POINT PLEASANT — The City of Point Pleasant will be “smoke testing” its sewer system next month to check for leaks and other issues.
The testing will take place July 6-10 and was discussed at this week’s regular meeting of Point Pleasant City Council. The testing will take place in all areas of the city’s sewer system north of 11th Street, as well as the area immediately around Krodel Park. In the event of inclement weather, the smoke testing will continue into the following week.
City officials are wanting to get the word out about the testing to alleviate any concerns by residents who may see the harmless smoke drifting out of sewer lines, near homes or even in homes. The smoke should not enter someone’s home unless they have defective plumbing or dried up drain traps. Residents in the testing area are asked to ensure that all plumbing traps, including basement floor drains, are not dry and contain water. If residents have seldom used drains, pour water into the drain to fill the trap. If smoke would enter someone’s home through faulty plumbing, this indicates the possibility that dangerous sewer gases are also entering someone’s home and residents should consider contacting a professional plumber to make repairs.
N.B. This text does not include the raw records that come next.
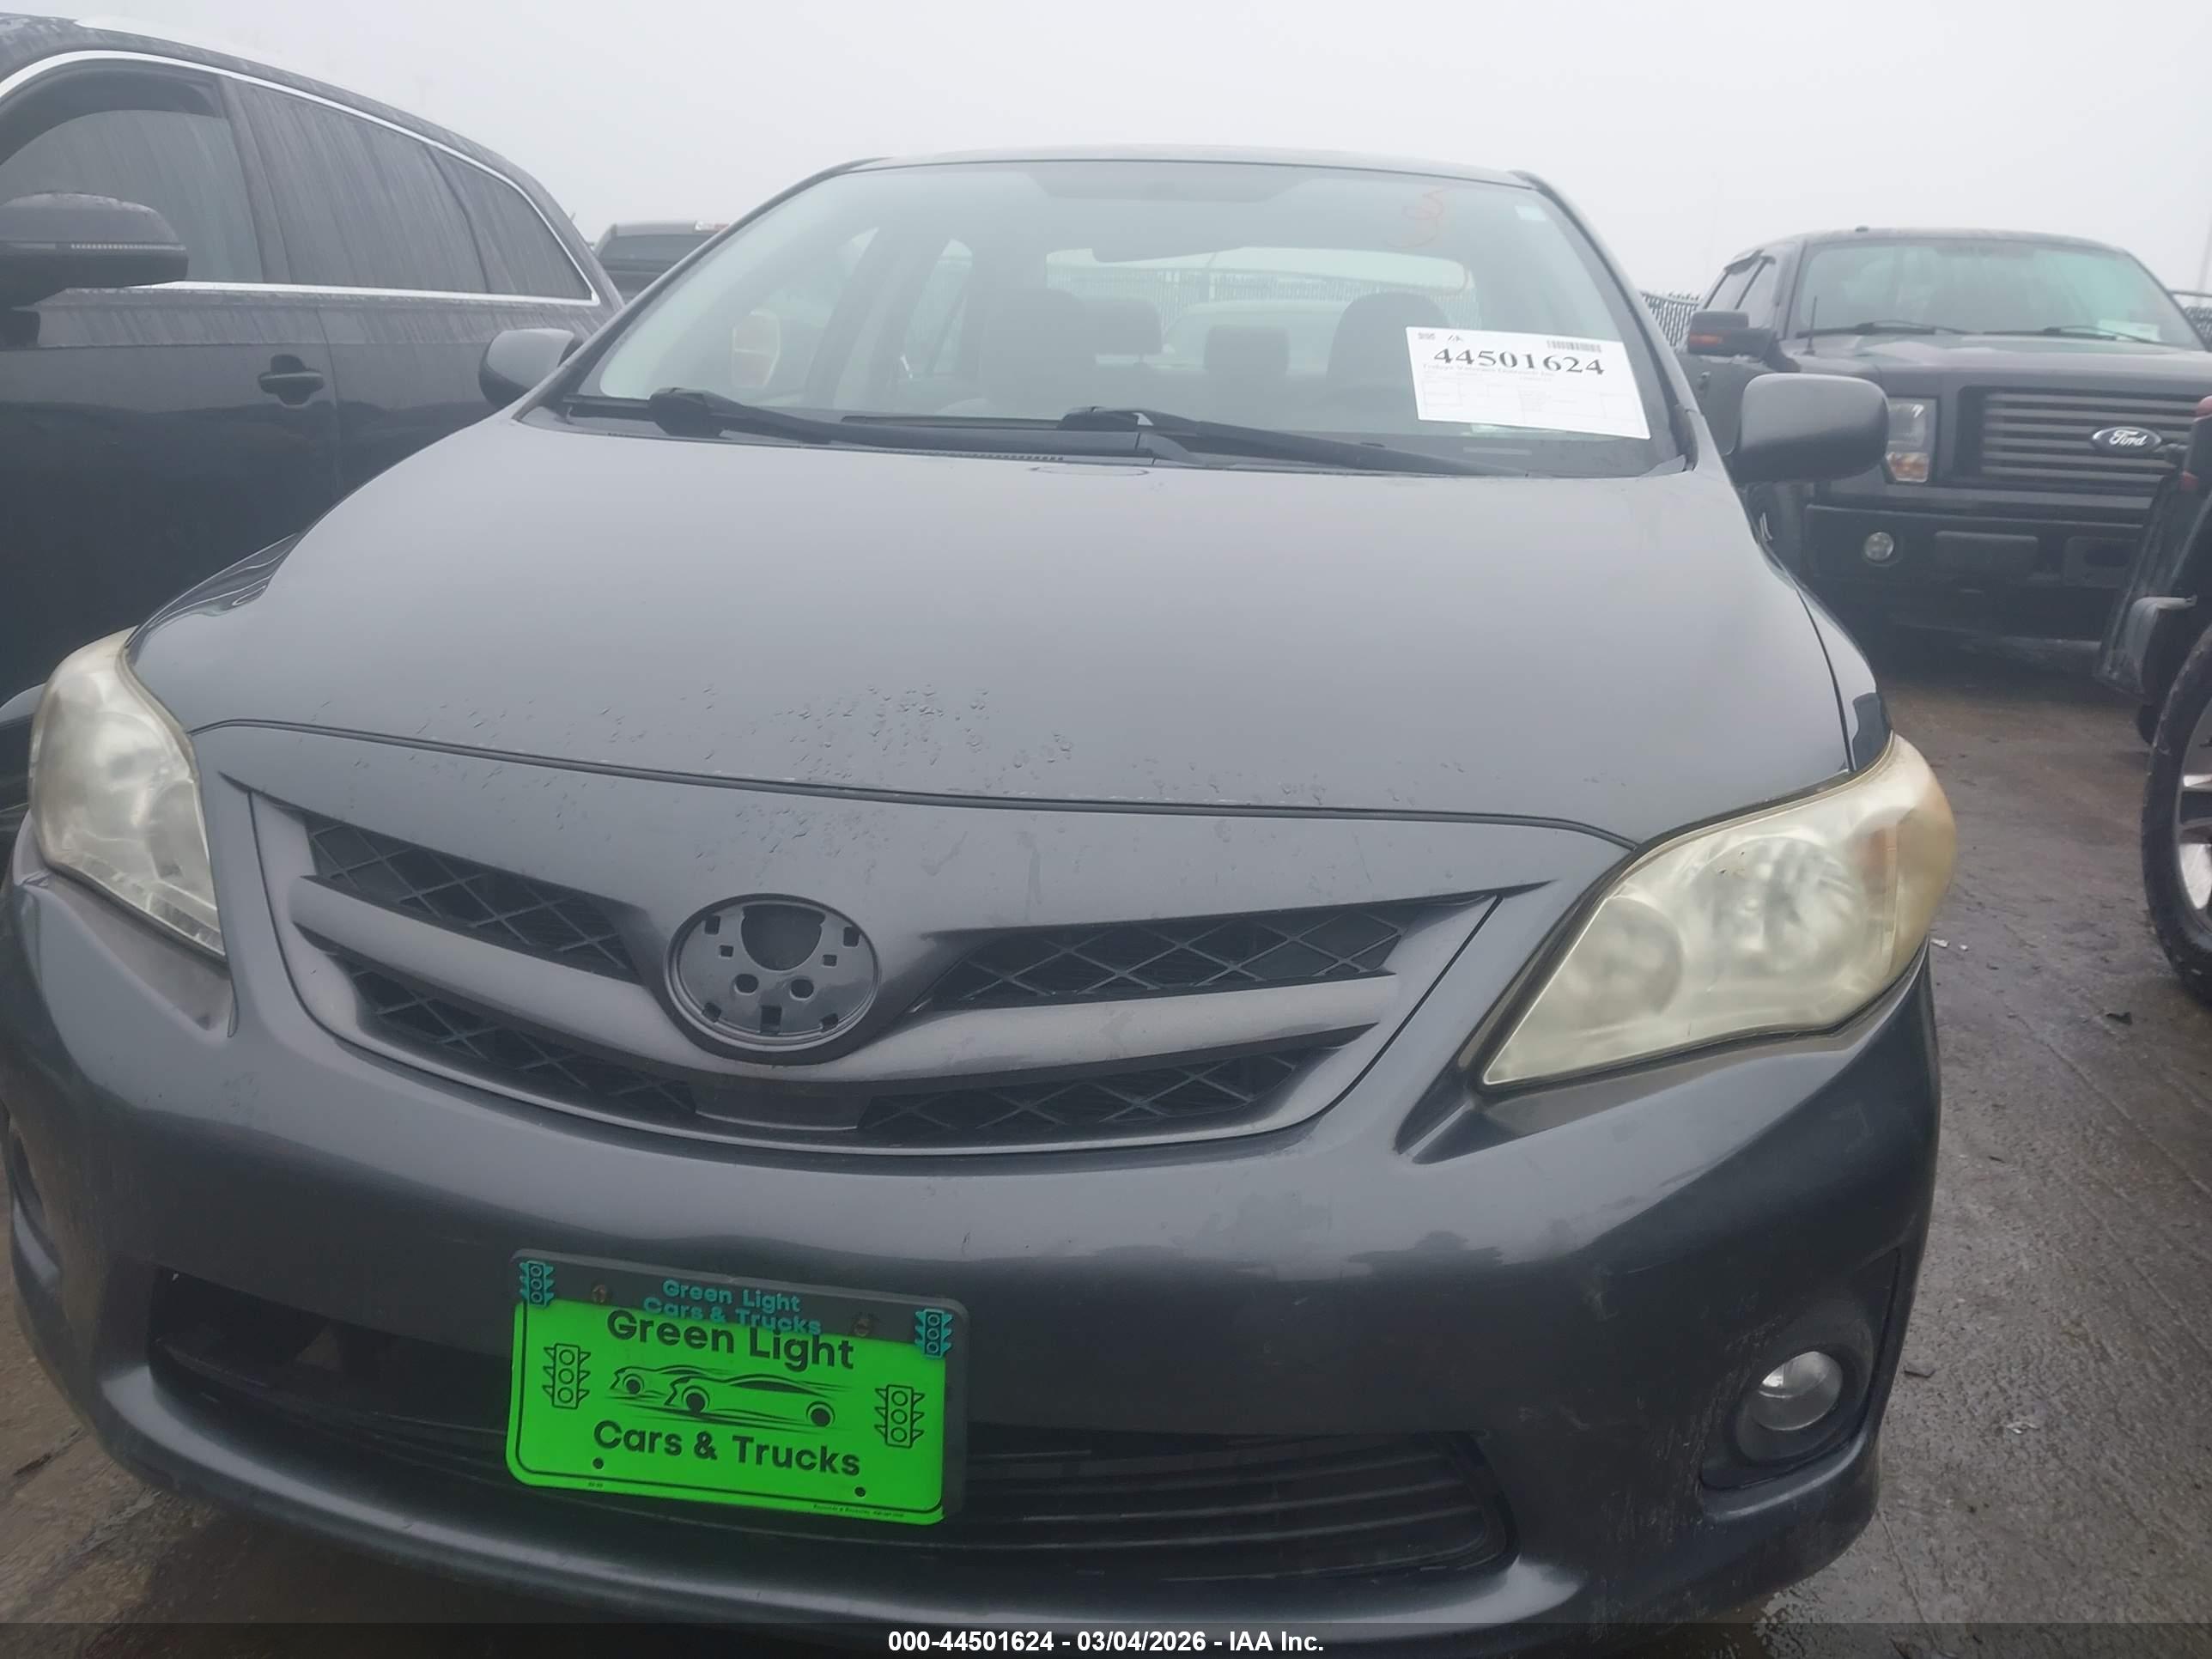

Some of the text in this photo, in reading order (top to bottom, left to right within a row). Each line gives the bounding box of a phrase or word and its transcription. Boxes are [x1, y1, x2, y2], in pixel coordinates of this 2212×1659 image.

[1433, 348, 1605, 375] 44501624
[2109, 429, 2148, 447] Ford
[663, 1279, 802, 1313] Green Light
[643, 1297, 822, 1334] Cars & Trucks
[606, 1310, 855, 1372] Green Light
[593, 1419, 861, 1476] Cars & Trucks
Smoke will be blown into the sewer system at manholes and may be seen coming from roof vents, building foundations or manhole covers. The smoke is a non-toxic substance which is clean and harmless to humans, pets, food and material goods and creates no fire hazard.
Residents are asked to avoid unnecessary exposure to the smoke. Although the smoke is relatively harmless, smoke of any kind can be irritating to the nasal passage for some people. If residents experience smoke irritation, it should be temporary and quickly disappear after exposure has ceased, according to city officials.
If a resident, or any member of their family, have respiratory problems, are immobile or have any other health condition that the city should be aware of, contact officials at 304-675-2360.
Jonathan Owen, of the city’s engineering firm Burgess and Niple, was at this week’s city council meeting to explain the smoke testing process. He said in addition to identifying defects in the sewer lines, it also will identify ground or storm water entering the sanitary sewer system which then goes to the plant to be cleaned. This otherwise clean water gets cleaned again at the plant and is an unnecessary cost to the city.